## [Work order]
When you copy the data that follows, reproduce every word exactly and leave out the images.

## [Information]
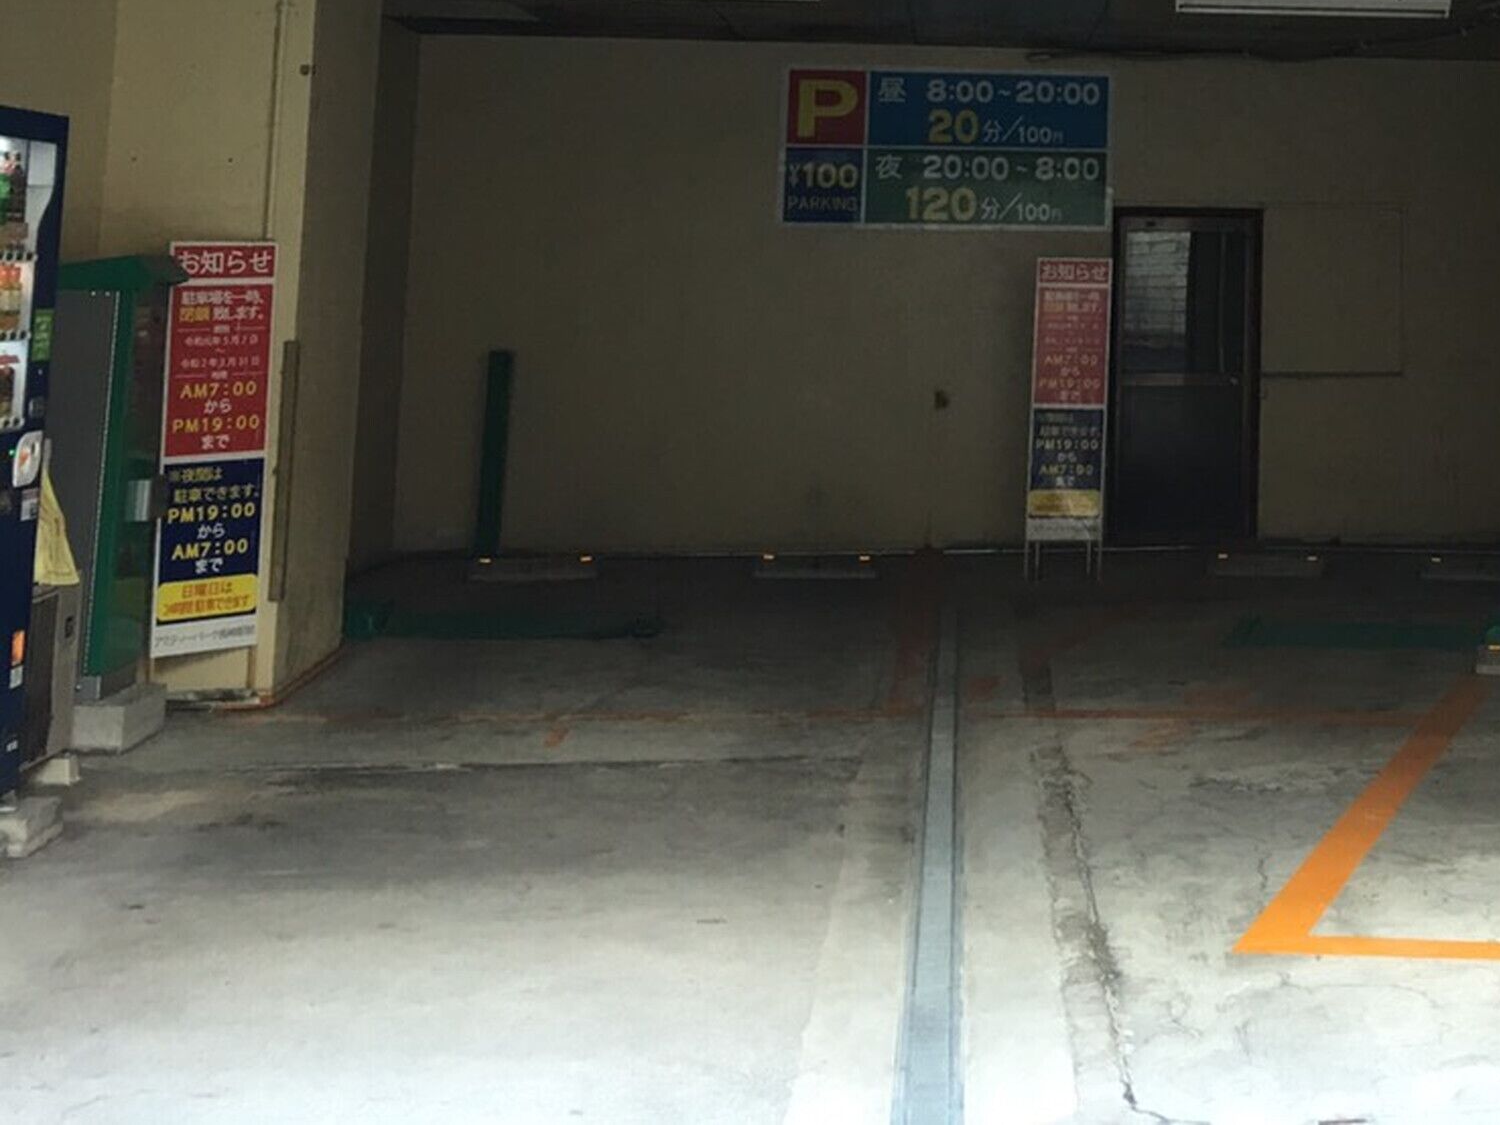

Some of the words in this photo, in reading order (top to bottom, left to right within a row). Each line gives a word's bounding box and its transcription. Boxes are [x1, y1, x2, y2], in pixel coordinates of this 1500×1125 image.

[878, 77, 906, 103] 昼
[796, 78, 859, 138] P
[875, 154, 903, 180] 夜
[787, 195, 858, 212] PARKING
[178, 251, 272, 274] お知らせ
[1042, 264, 1106, 281] お知らせ
[203, 400, 232, 414] から
[171, 415, 260, 434] PM19:00
[201, 435, 230, 450] まで
[166, 502, 255, 524] PM19:00
[196, 524, 226, 540] から
[171, 539, 249, 561] AM7:00
[194, 558, 224, 574] まで

## [Response to this exercise]
Some of the words in this photo, in reading order (top to bottom, left to right within a row). Each line gives a word's bounding box and its transcription. Boxes are [x1, y1, x2, y2], in pixel coordinates of this 1500×1125 image.

[878, 77, 906, 103] 昼
[796, 78, 859, 138] P
[875, 154, 903, 180] 夜
[787, 195, 858, 212] PARKING
[178, 251, 272, 274] お知らせ
[1042, 264, 1106, 281] お知らせ
[203, 400, 232, 414] から
[171, 415, 260, 434] PM19:00
[201, 435, 230, 450] まで
[166, 502, 255, 524] PM19:00
[196, 524, 226, 540] から
[171, 539, 249, 561] AM7:00
[194, 558, 224, 574] まで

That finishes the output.